Чтобы закончить этот беглый обзор акта высказывания, надо еще упомянуть особый случай – предусмотренный Якобсоном для языка, в числе других языковых шифтеров, – когда субъект высказывания является и участником излагаемого процесса, когда протагонист акта высказывания является протагонистом самого высказывания (Теа), когда историк в момент события был его действующим лицом, а теперь становится его рассказчиком; так Ксенофонт сам участвовал в отступлении десяти тысяч, а потом уже сделался его историком. Самый прославленный пример такого сопряжения двух “я” – высказывающего и высказываемого – это, очевидно, местоимение “он” в записках Цезаря. Это знаменитое “он” относится к уровню самого высказывания; когда же Цезарь явным образом становится субъектом акта высказывания, то он переходит на “мы” (“ut supra demonstravimus”)1. На первый взгляд, цезаревское “он” растворено среди прочих участников изла-

_____________________________________________
Как мы показали выше (лат,).- Прим. перев.

[432]

гаемого процесса, и в этом смысле его рассматривали как высший знак объективности; думается, однако, что у него есть формальное отличие от других; какое? дело в том, что его предикаты тщательно отбираются – цезаревское “он” служит опорой лишь для определенного рода синтагм, которые можно назвать синтагмами вождя (отдавать приказы, заседать, осматривать, осуществлять, поздравлять, объяснять, думать), фактически они весьма близки к перформативам, где речь совпадает с действием. Есть и другие примеры такого “он” – в прошлом действующего лица, а ныне повествователя (например, у Клаузевица); они показывают, что выбор не-личного местоимения служит здесь лишь риторической уловкой, а истинное положение субъекта высказывания раскрывается в выборе синтагм, которыми он обставляет свои прошлые поступки.

2. Уровень высказывания

Историческое высказывание должно члениться на единицы содержания, которые затем можно было бы классифицировать. Эти единицы содержания представляют собой то, о чем говорит история; это означаемые, то есть не чистый референт и не целостный дискурс; все вместе они представляют собой расчлененно-поименованный референт, уже постижимый для ума, но еще не подчиненный синтаксису. Здесь мы не станем углубленно описывать классы этих единиц – для такой работы время еще не пришло; ограничимся лишь кое-какими предварительными замечаниями.
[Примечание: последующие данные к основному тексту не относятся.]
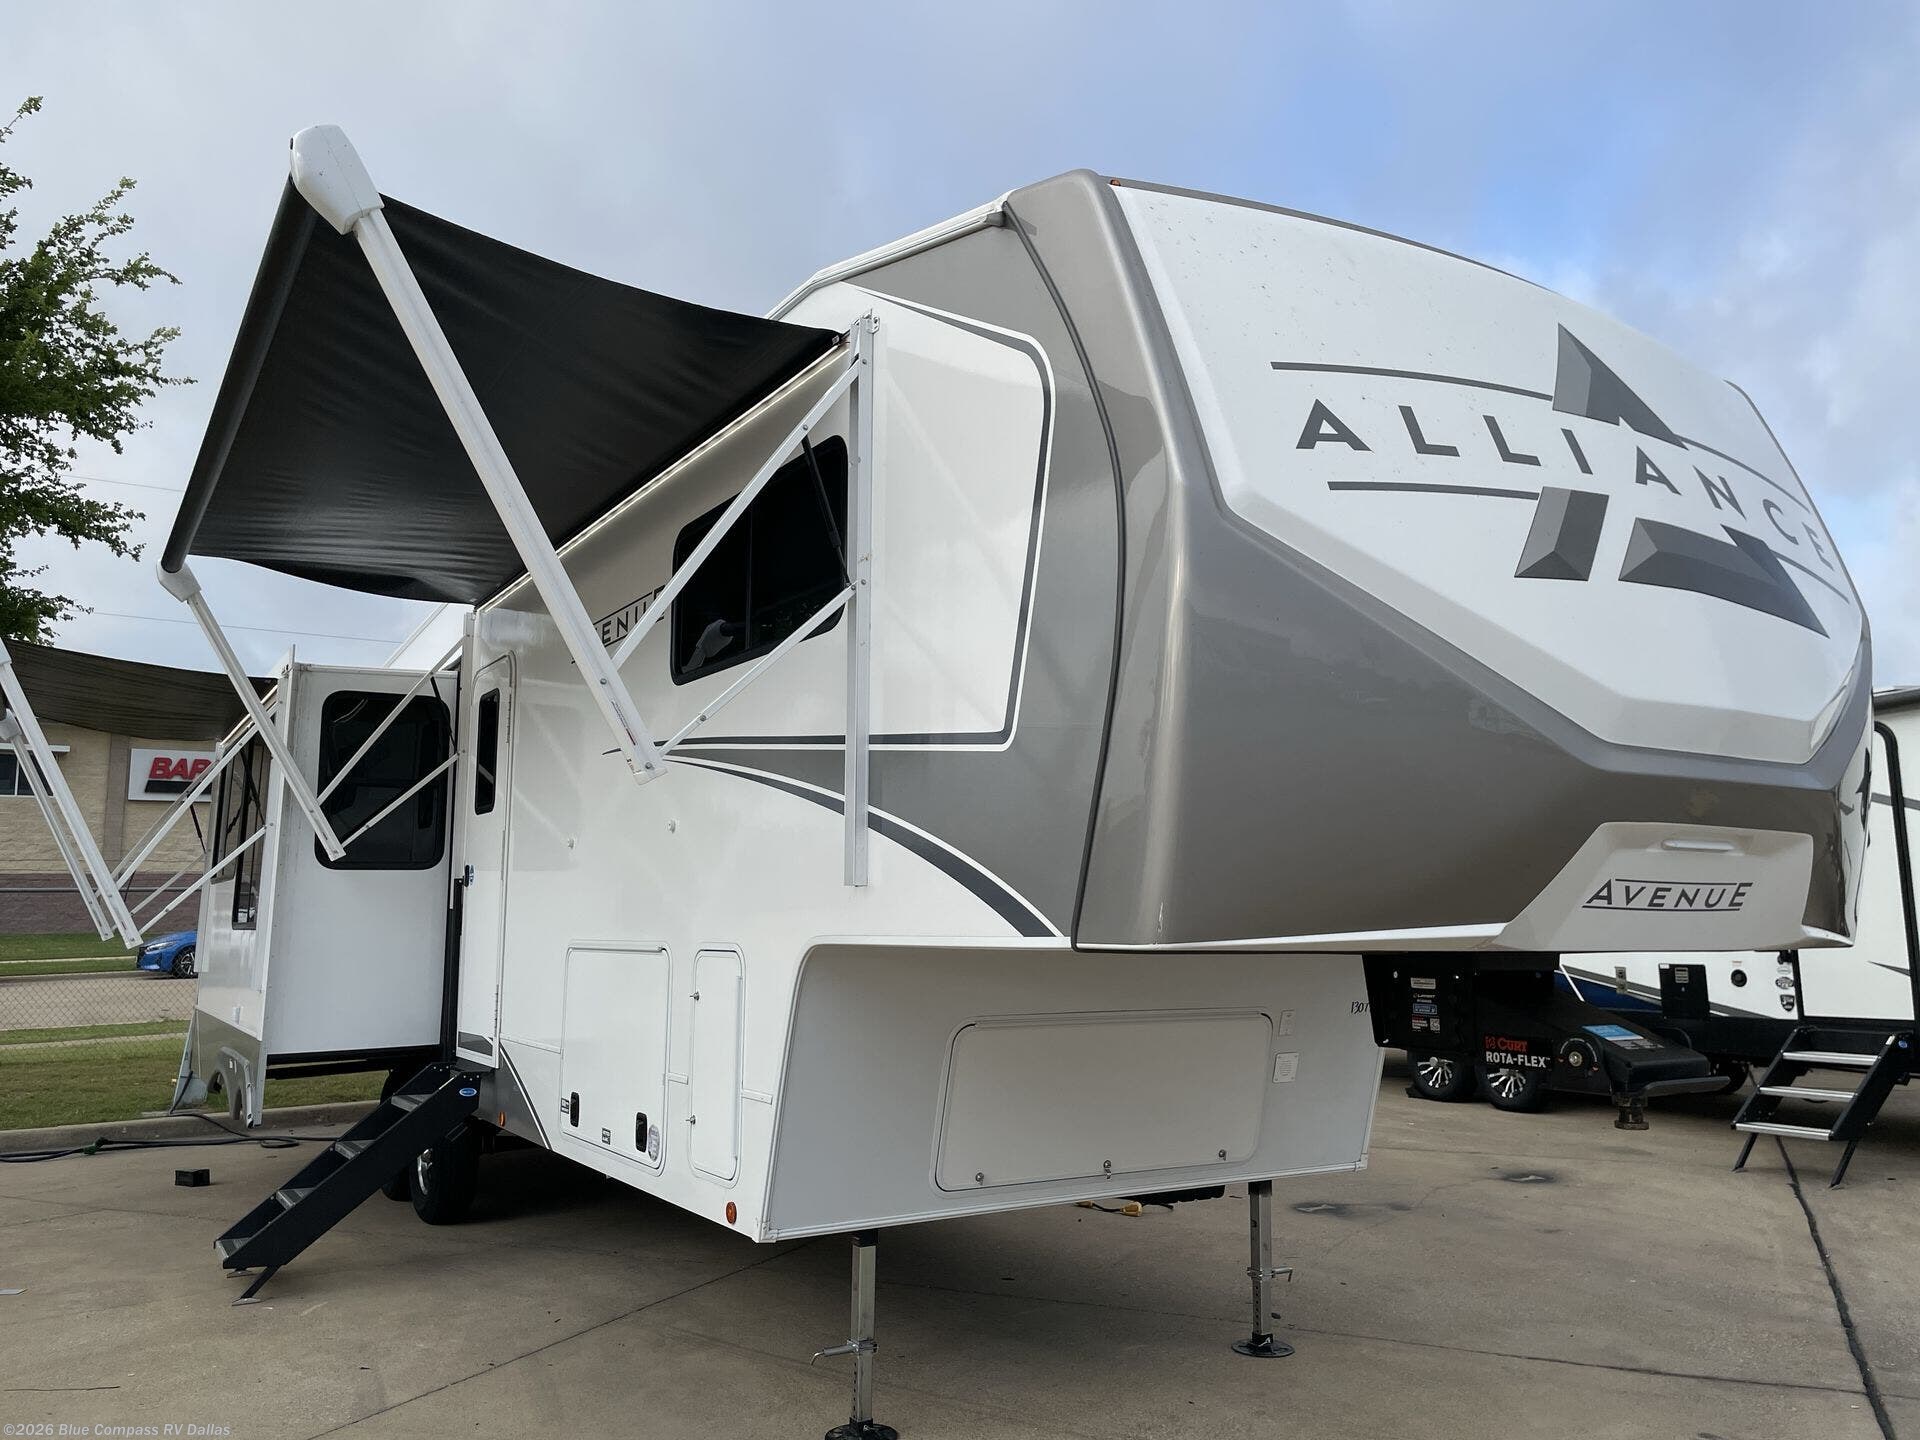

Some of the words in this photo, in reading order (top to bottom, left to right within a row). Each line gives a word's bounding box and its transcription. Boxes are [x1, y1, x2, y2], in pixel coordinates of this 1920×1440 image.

[1296, 399, 1834, 570] ALLIANCE
[1586, 879, 1753, 908] AVENUE
[1485, 1051, 1547, 1068] ROTA-FLEX
Историческое высказывание, как и высказывание фразовое, содержит в себе “экзистенты” и “оккуренты” – существа, сущности и их предикаты. Но уже предварительное рассмотрение показывает, что и те и другие (по отдельности) можно свести в относительно закрытый, а значит поддающийся охвату перечень – в некоторую коллекцию, единицы которой в конечном счете повторяются, хоть и образуют, конечно, разнообразные сочетания; так, у Геродота экзистенты включает в себя династии, правителей, военачальников, воинов, народы и географические места, а оккуренты – такие действия, как разорять, порабощать, присоединять, совершать поход, царствовать, пользоваться военным приемом, обращаться к оракулу и т.д. Будучи (относительно) закрытыми, эти коллекции должны поддаваться определенным правилам субституции и трансформации, и

[433]

должна быть возможность их структурировать – разумеется, более или менее легко в зависимости от конкретного историка; например, все единицы геродотовской истории в общем и целом относятся к одному лексикону – лексикону войны; стоило бы поставить вопрос о том, следует ли ожидать более сложных сочетаний разных лексиконов у историков нового времени, или даже и в этом случае исторический дискурс в итоге основан на однозначной коллекции единиц (правильнее будет говорить именно о коллекции, а не о лексиконе, так как речь идет исключительно о плане содержания). Эту структуру, по-видимому, ощущал Макиавелли: в начале своей “Истории Флоренции” он предъявляет нам свою “коллекцию”, то есть список юридических, политических, этнических объектов, которые будут затем использоваться и комбинироваться в его повествовании.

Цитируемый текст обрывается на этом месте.